▶ **Data for processing**
--- START ---
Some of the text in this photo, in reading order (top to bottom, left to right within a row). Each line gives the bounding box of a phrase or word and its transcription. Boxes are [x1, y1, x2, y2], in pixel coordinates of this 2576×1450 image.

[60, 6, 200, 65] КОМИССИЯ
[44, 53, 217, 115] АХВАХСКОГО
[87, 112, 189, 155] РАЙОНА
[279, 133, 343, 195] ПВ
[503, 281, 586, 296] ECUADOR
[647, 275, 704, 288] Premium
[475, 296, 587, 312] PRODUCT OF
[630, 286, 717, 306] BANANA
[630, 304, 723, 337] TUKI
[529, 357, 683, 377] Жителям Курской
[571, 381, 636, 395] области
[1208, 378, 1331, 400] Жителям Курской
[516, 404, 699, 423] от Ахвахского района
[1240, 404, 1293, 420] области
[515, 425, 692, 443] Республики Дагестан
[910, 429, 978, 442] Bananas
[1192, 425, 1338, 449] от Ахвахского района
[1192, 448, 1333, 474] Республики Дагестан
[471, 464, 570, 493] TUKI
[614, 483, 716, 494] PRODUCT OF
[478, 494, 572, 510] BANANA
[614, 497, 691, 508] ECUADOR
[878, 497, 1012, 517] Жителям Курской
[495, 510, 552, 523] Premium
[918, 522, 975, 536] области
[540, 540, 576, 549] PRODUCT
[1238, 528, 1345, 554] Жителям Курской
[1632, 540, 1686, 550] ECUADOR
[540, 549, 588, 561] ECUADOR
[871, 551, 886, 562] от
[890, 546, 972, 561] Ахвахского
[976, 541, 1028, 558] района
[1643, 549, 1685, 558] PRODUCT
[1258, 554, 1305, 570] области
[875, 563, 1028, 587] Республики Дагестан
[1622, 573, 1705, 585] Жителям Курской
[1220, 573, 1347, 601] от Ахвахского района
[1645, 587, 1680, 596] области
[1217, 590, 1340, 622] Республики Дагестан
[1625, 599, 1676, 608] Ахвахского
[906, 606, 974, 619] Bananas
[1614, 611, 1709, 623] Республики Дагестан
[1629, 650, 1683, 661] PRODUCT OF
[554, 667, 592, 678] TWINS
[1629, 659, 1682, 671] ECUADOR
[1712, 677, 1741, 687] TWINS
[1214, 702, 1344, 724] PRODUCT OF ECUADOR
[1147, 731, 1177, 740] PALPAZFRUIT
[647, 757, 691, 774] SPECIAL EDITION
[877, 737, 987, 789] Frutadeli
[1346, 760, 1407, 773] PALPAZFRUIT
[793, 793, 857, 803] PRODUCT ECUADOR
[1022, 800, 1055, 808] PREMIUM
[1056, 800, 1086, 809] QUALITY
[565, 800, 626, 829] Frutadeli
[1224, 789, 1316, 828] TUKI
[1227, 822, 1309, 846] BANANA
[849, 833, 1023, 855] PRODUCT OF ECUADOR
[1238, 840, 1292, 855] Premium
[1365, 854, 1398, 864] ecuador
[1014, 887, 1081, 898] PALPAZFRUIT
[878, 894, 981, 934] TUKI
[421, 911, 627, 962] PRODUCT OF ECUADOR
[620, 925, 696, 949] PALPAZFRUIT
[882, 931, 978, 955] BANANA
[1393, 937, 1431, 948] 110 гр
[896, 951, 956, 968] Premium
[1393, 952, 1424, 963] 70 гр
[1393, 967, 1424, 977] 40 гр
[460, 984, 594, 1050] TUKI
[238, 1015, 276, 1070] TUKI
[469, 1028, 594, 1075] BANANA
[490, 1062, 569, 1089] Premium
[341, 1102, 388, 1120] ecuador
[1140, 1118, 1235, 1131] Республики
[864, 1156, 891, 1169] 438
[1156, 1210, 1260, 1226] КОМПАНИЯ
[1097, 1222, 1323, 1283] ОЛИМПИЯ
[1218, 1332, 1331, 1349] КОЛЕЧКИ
--- END ---
Without omitting anything, reproduce the whole of the data.

▶ **Task output**
Some of the text in this photo, in reading order (top to bottom, left to right within a row). Each line gives the bounding box of a phrase or word and its transcription. Boxes are [x1, y1, x2, y2], in pixel coordinates of this 2576×1450 image.

[60, 6, 200, 65] КОМИССИЯ
[44, 53, 217, 115] АХВАХСКОГО
[87, 112, 189, 155] РАЙОНА
[279, 133, 343, 195] ПВ
[503, 281, 586, 296] ECUADOR
[647, 275, 704, 288] Premium
[475, 296, 587, 312] PRODUCT OF
[630, 286, 717, 306] BANANA
[630, 304, 723, 337] TUKI
[529, 357, 683, 377] Жителям Курской
[571, 381, 636, 395] области
[1208, 378, 1331, 400] Жителям Курской
[516, 404, 699, 423] от Ахвахского района
[1240, 404, 1293, 420] области
[515, 425, 692, 443] Республики Дагестан
[910, 429, 978, 442] Bananas
[1192, 425, 1338, 449] от Ахвахского района
[1192, 448, 1333, 474] Республики Дагестан
[471, 464, 570, 493] TUKI
[614, 483, 716, 494] PRODUCT OF
[478, 494, 572, 510] BANANA
[614, 497, 691, 508] ECUADOR
[878, 497, 1012, 517] Жителям Курской
[495, 510, 552, 523] Premium
[918, 522, 975, 536] области
[540, 540, 576, 549] PRODUCT
[1238, 528, 1345, 554] Жителям Курской
[1632, 540, 1686, 550] ECUADOR
[540, 549, 588, 561] ECUADOR
[871, 551, 886, 562] от
[890, 546, 972, 561] Ахвахского
[976, 541, 1028, 558] района
[1643, 549, 1685, 558] PRODUCT
[1258, 554, 1305, 570] области
[875, 563, 1028, 587] Республики Дагестан
[1622, 573, 1705, 585] Жителям Курской
[1220, 573, 1347, 601] от Ахвахского района
[1645, 587, 1680, 596] области
[1217, 590, 1340, 622] Республики Дагестан
[1625, 599, 1676, 608] Ахвахского
[906, 606, 974, 619] Bananas
[1614, 611, 1709, 623] Республики Дагестан
[1629, 650, 1683, 661] PRODUCT OF
[554, 667, 592, 678] TWINS
[1629, 659, 1682, 671] ECUADOR
[1712, 677, 1741, 687] TWINS
[1214, 702, 1344, 724] PRODUCT OF ECUADOR
[1147, 731, 1177, 740] PALPAZFRUIT
[647, 757, 691, 774] SPECIAL EDITION
[877, 737, 987, 789] Frutadeli
[1346, 760, 1407, 773] PALPAZFRUIT
[793, 793, 857, 803] PRODUCT ECUADOR
[1022, 800, 1055, 808] PREMIUM
[1056, 800, 1086, 809] QUALITY
[565, 800, 626, 829] Frutadeli
[1224, 789, 1316, 828] TUKI
[1227, 822, 1309, 846] BANANA
[849, 833, 1023, 855] PRODUCT OF ECUADOR
[1238, 840, 1292, 855] Premium
[1365, 854, 1398, 864] ecuador
[1014, 887, 1081, 898] PALPAZFRUIT
[878, 894, 981, 934] TUKI
[421, 911, 627, 962] PRODUCT OF ECUADOR
[620, 925, 696, 949] PALPAZFRUIT
[882, 931, 978, 955] BANANA
[1393, 937, 1431, 948] 110 гр
[896, 951, 956, 968] Premium
[1393, 952, 1424, 963] 70 гр
[1393, 967, 1424, 977] 40 гр
[460, 984, 594, 1050] TUKI
[238, 1015, 276, 1070] TUKI
[469, 1028, 594, 1075] BANANA
[490, 1062, 569, 1089] Premium
[341, 1102, 388, 1120] ecuador
[1140, 1118, 1235, 1131] Республики
[864, 1156, 891, 1169] 438
[1156, 1210, 1260, 1226] КОМПАНИЯ
[1097, 1222, 1323, 1283] ОЛИМПИЯ
[1218, 1332, 1331, 1349] КОЛЕЧКИ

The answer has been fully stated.